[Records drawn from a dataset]
BEGIN
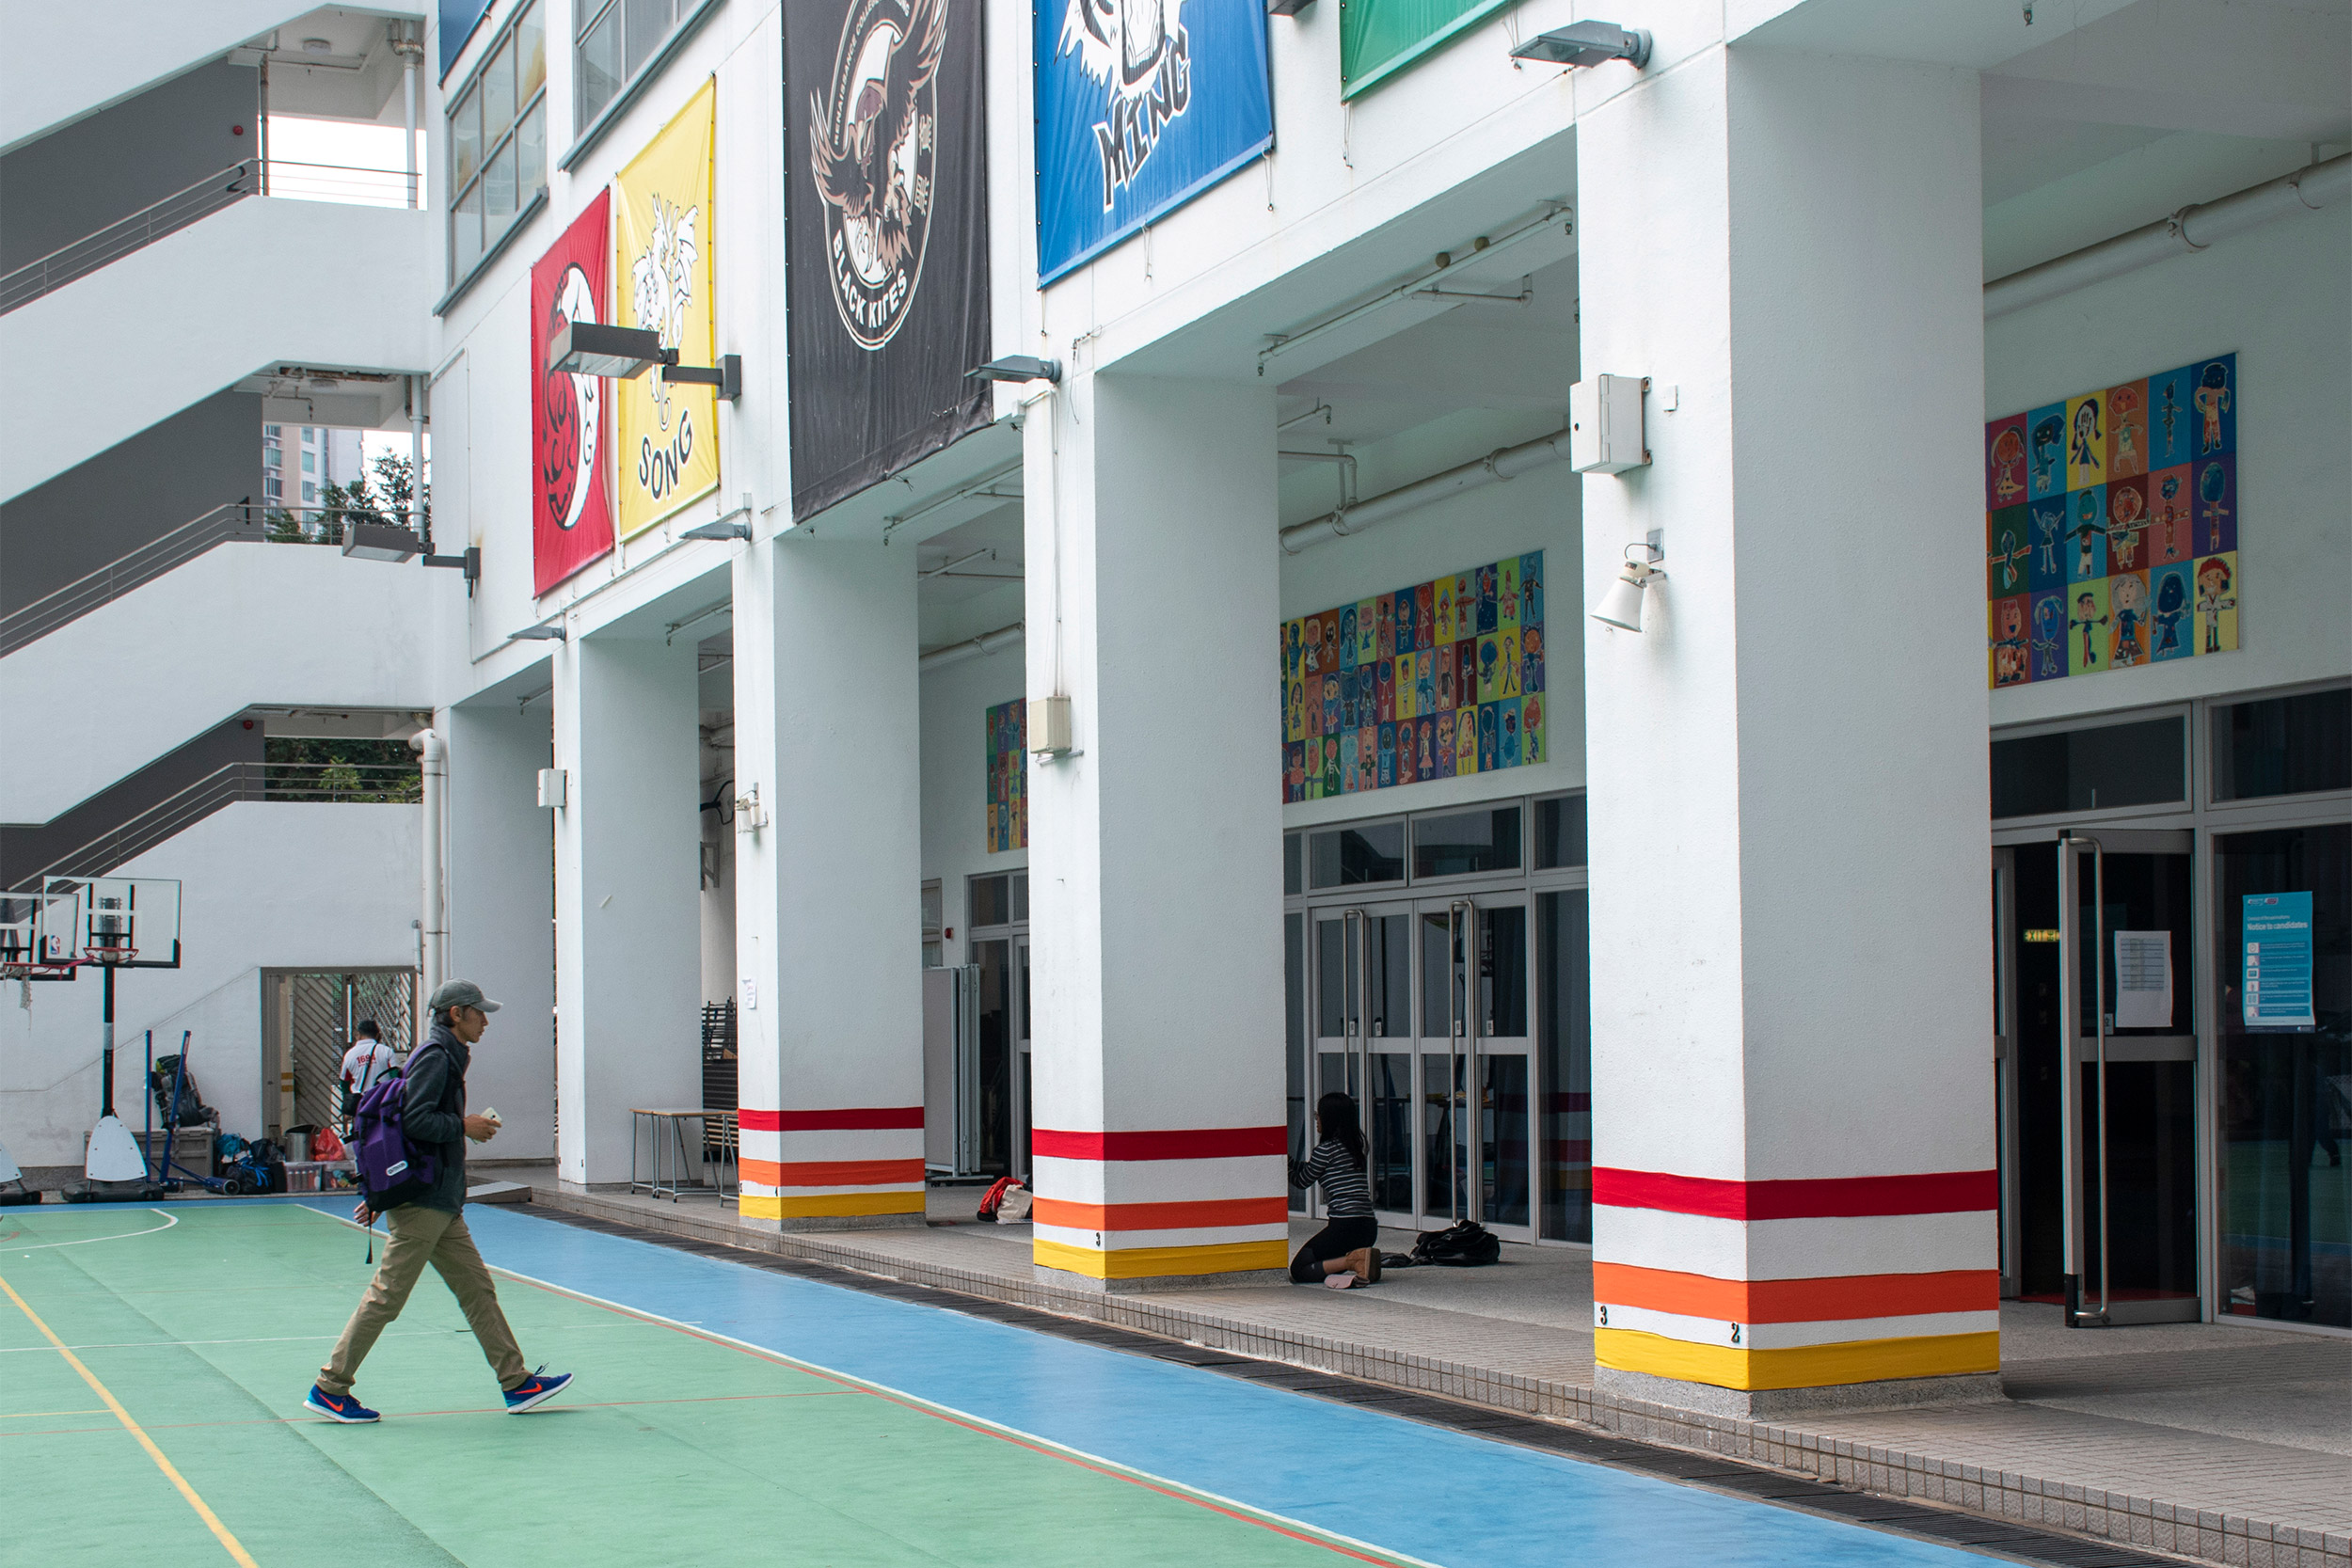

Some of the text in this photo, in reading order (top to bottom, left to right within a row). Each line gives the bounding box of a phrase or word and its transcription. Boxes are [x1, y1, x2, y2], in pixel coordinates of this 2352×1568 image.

[1092, 23, 1191, 214] MING
[226, 164, 246, 194] 2
[833, 229, 907, 328] BLACK KITES
[639, 408, 693, 501] SONG
[238, 496, 250, 525] 1
[2024, 929, 2044, 942] EXIT
[2274, 922, 2309, 930] candidates
[1095, 1232, 1101, 1246] 3
[1599, 1305, 1607, 1325] 3
[1731, 1323, 1740, 1343] 2
END
** Exercise aim **
Repeat each entry exactly. Pictures do not belong in the copy.

** Task answer **
Some of the text in this photo, in reading order (top to bottom, left to right within a row). Each line gives the bounding box of a phrase or word and its transcription. Boxes are [x1, y1, x2, y2], in pixel coordinates of this 2352×1568 image.

[1092, 23, 1191, 214] MING
[226, 164, 246, 194] 2
[833, 229, 907, 328] BLACK KITES
[639, 408, 693, 501] SONG
[238, 496, 250, 525] 1
[2024, 929, 2044, 942] EXIT
[2274, 922, 2309, 930] candidates
[1095, 1232, 1101, 1246] 3
[1599, 1305, 1607, 1325] 3
[1731, 1323, 1740, 1343] 2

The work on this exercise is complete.